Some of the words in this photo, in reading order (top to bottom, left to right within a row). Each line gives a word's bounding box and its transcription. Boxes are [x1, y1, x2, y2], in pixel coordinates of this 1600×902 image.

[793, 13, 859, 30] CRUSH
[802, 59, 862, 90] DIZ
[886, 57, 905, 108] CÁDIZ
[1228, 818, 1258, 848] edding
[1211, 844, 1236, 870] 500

[DESCRIPTION OF THE TASK]
Retype the material in full. Each word must match.

[SOLUTION BELOW]
Some of the words in this photo, in reading order (top to bottom, left to right within a row). Each line gives a word's bounding box and its transcription. Boxes are [x1, y1, x2, y2], in pixel coordinates of this 1600×902 image.

[793, 13, 859, 30] CRUSH
[802, 59, 862, 90] DIZ
[886, 57, 905, 108] CÁDIZ
[1228, 818, 1258, 848] edding
[1211, 844, 1236, 870] 500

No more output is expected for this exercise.